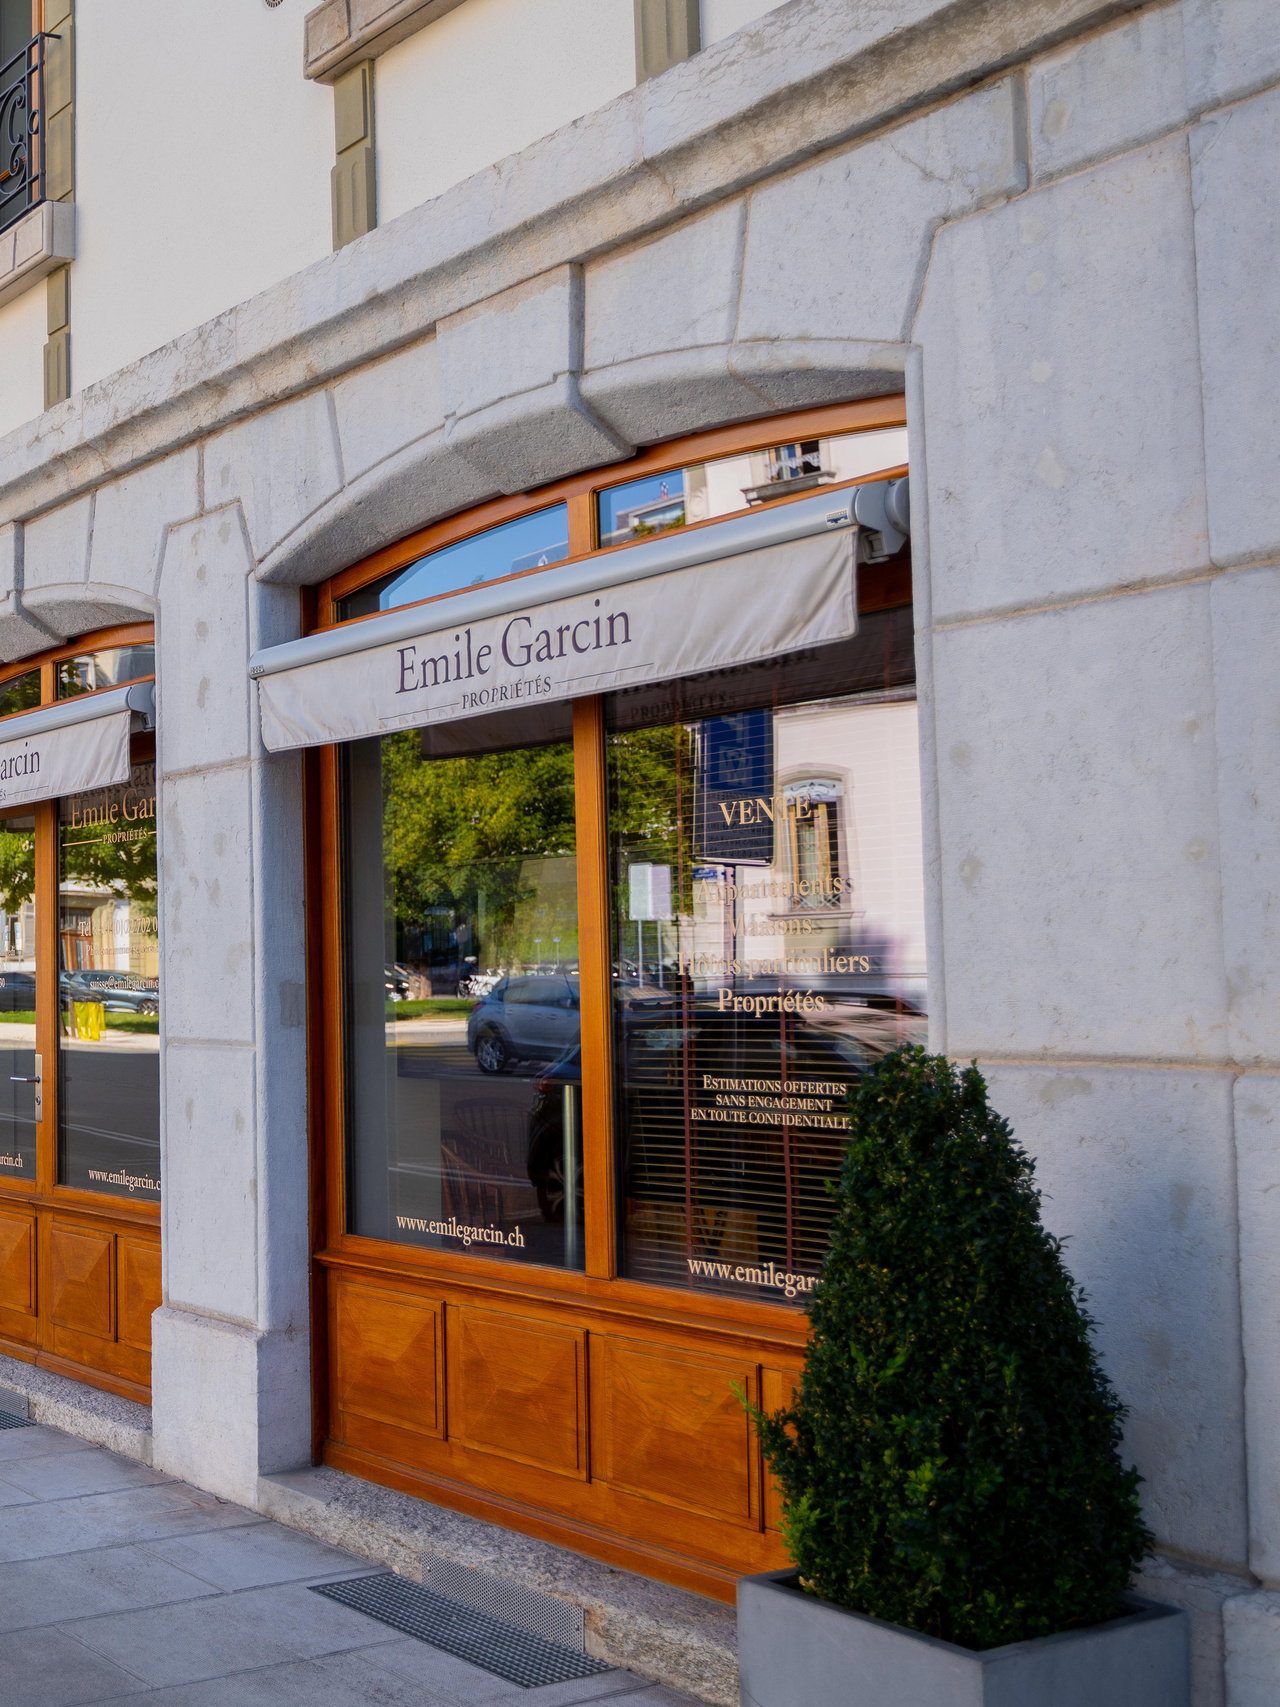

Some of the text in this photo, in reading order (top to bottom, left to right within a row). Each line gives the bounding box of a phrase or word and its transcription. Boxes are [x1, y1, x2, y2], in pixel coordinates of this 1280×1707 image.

[395, 598, 633, 695] Emile Garcin
[461, 674, 553, 711] PROPRIÉTÉS
[70, 788, 156, 830] Emile Gar
[719, 795, 812, 826] VENTE
[103, 827, 148, 845] PROPRIÉTÉS
[697, 875, 844, 906] Appartements
[726, 911, 813, 937] Maisons
[678, 947, 870, 980] Hôtels particuliers
[89, 975, 159, 992] suisse@emilegarcin.c
[717, 987, 825, 1018] Propriétés
[703, 1074, 847, 1096] ESTIMATIONS OFFERTES
[715, 1093, 833, 1112] SANS ENGAGEMENT
[691, 1108, 853, 1130] EN TOUTE CONFIDENTIALI
[88, 1168, 160, 1191] www.emilegarcin.c
[396, 1215, 525, 1248] www.emilegarcin.ch
[686, 1258, 824, 1297] www.emilegar
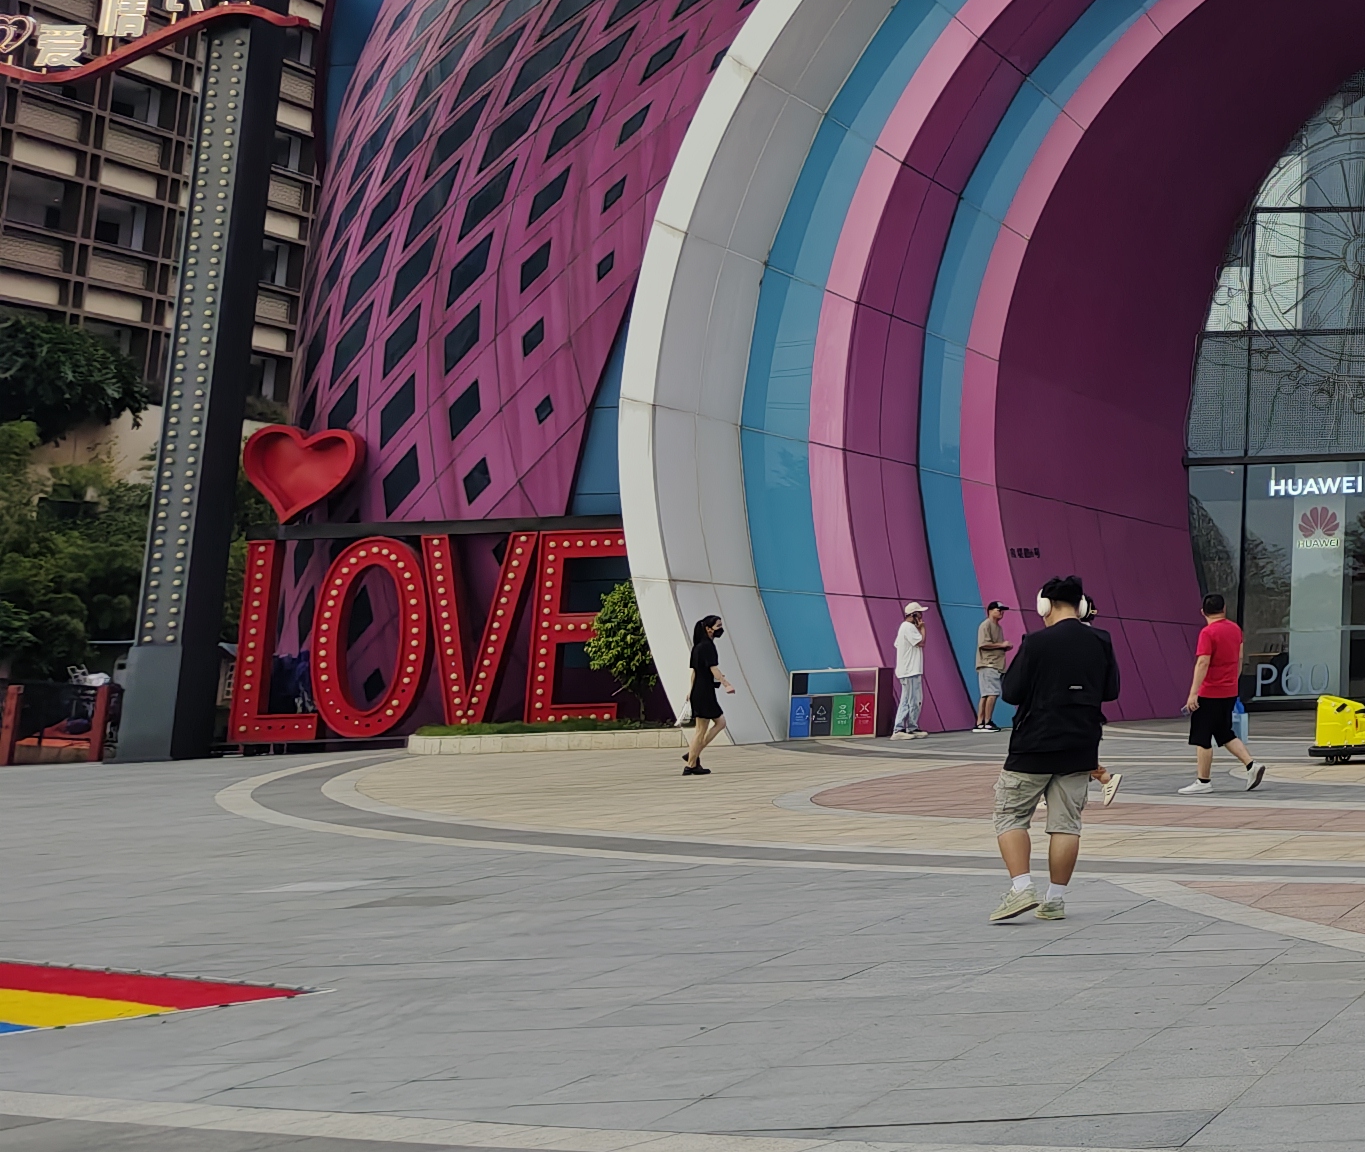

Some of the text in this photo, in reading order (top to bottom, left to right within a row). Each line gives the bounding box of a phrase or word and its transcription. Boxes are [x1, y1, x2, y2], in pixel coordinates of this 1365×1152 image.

[1268, 476, 1364, 497] HUAWEI
[1297, 538, 1340, 549] HUAWEI
[229, 529, 627, 744] LOVE
[1255, 661, 1330, 697] P60
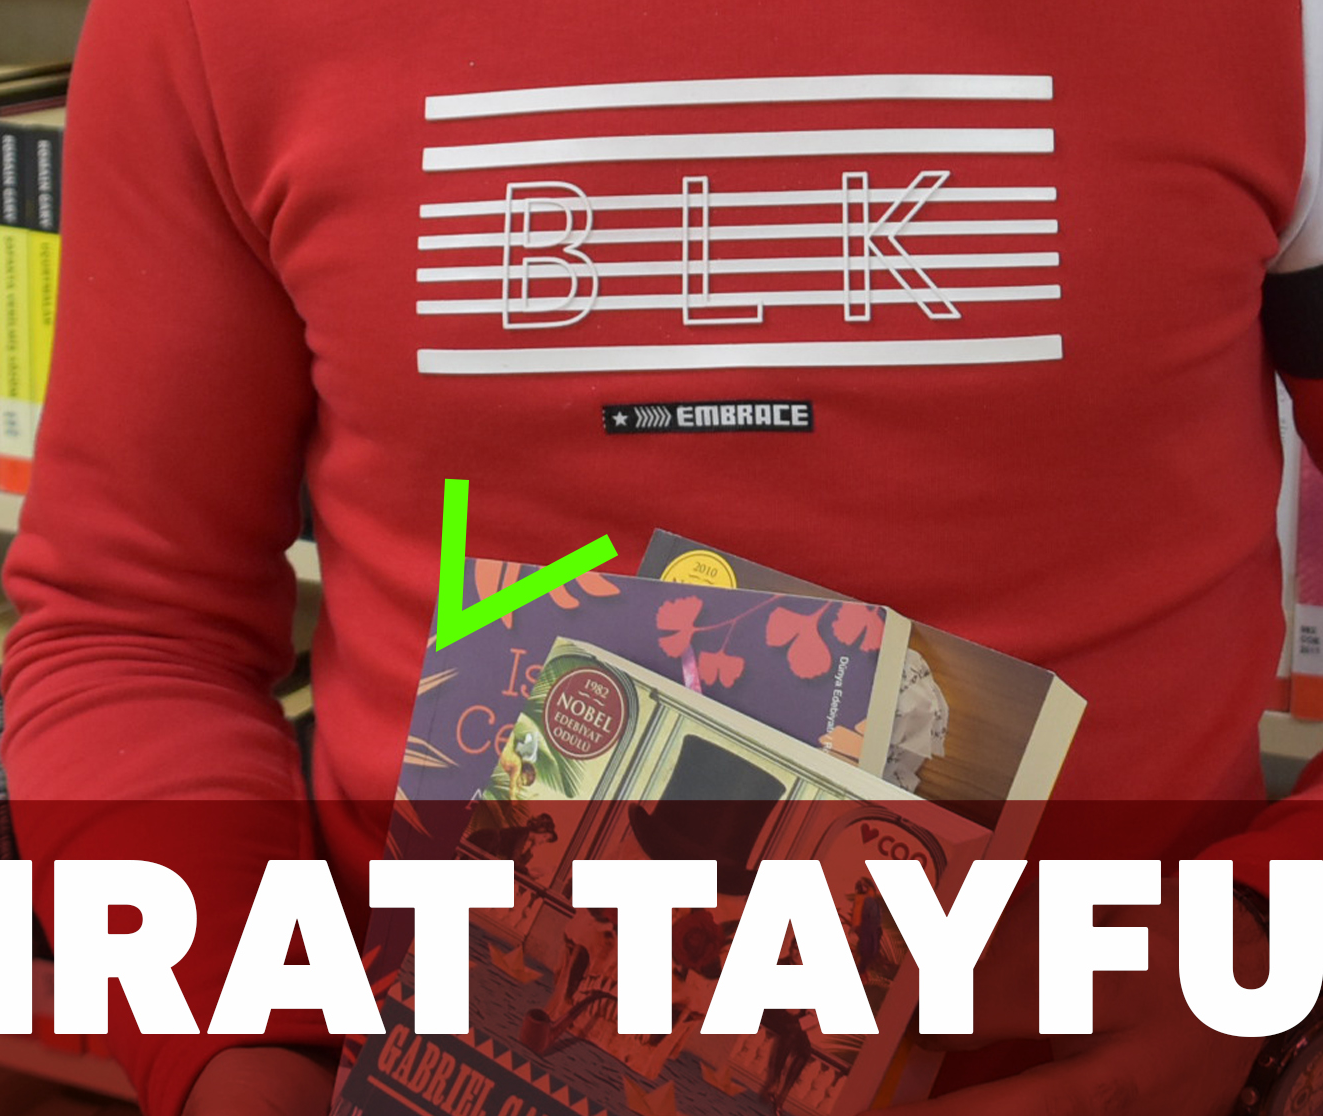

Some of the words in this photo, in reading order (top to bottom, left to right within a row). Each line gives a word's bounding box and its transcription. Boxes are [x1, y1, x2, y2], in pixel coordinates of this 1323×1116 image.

(EXERCISE REQUIREMENTS)
Repeat the listing word for word, and skip every picture it contains.

(ANSWER BOX)
Some of the text in this photo, in reading order (top to bottom, left to right within a row). Each line gives the bounding box of a phrase or word and its transcription. Boxes are [x1, y1, x2, y2], in pixel coordinates of this 1280×1707 image.

[395, 598, 633, 695] Emile Garcin
[461, 674, 553, 711] PROPRIÉTÉS
[70, 788, 156, 830] Emile Gar
[719, 795, 812, 826] VENTE
[103, 827, 148, 845] PROPRIÉTÉS
[697, 875, 844, 906] Appartements
[726, 911, 813, 937] Maisons
[678, 947, 870, 980] Hôtels particuliers
[89, 975, 159, 992] suisse@emilegarcin.c
[717, 987, 825, 1018] Propriétés
[703, 1074, 847, 1096] ESTIMATIONS OFFERTES
[715, 1093, 833, 1112] SANS ENGAGEMENT
[691, 1108, 853, 1130] EN TOUTE CONFIDENTIALI
[88, 1168, 160, 1191] www.emilegarcin.c
[396, 1215, 525, 1248] www.emilegarcin.ch
[686, 1258, 824, 1297] www.emilegar

Some of the text in this photo, in reading order (top to bottom, left to right within a row). Each line gives the bounding box of a phrase or word and its transcription. Boxes are [x1, y1, x2, y2], in pixel coordinates of this 1365×1152 image.

[1268, 476, 1364, 497] HUAWEI
[1297, 538, 1340, 549] HUAWEI
[229, 529, 627, 744] LOVE
[1255, 661, 1330, 697] P60

Some of the words in this photo, in reading order (top to bottom, left to right within a row). Each line gives a word's bounding box and its transcription. Boxes are [x1, y1, x2, y2], in pixel coordinates of this 1323×1116 image.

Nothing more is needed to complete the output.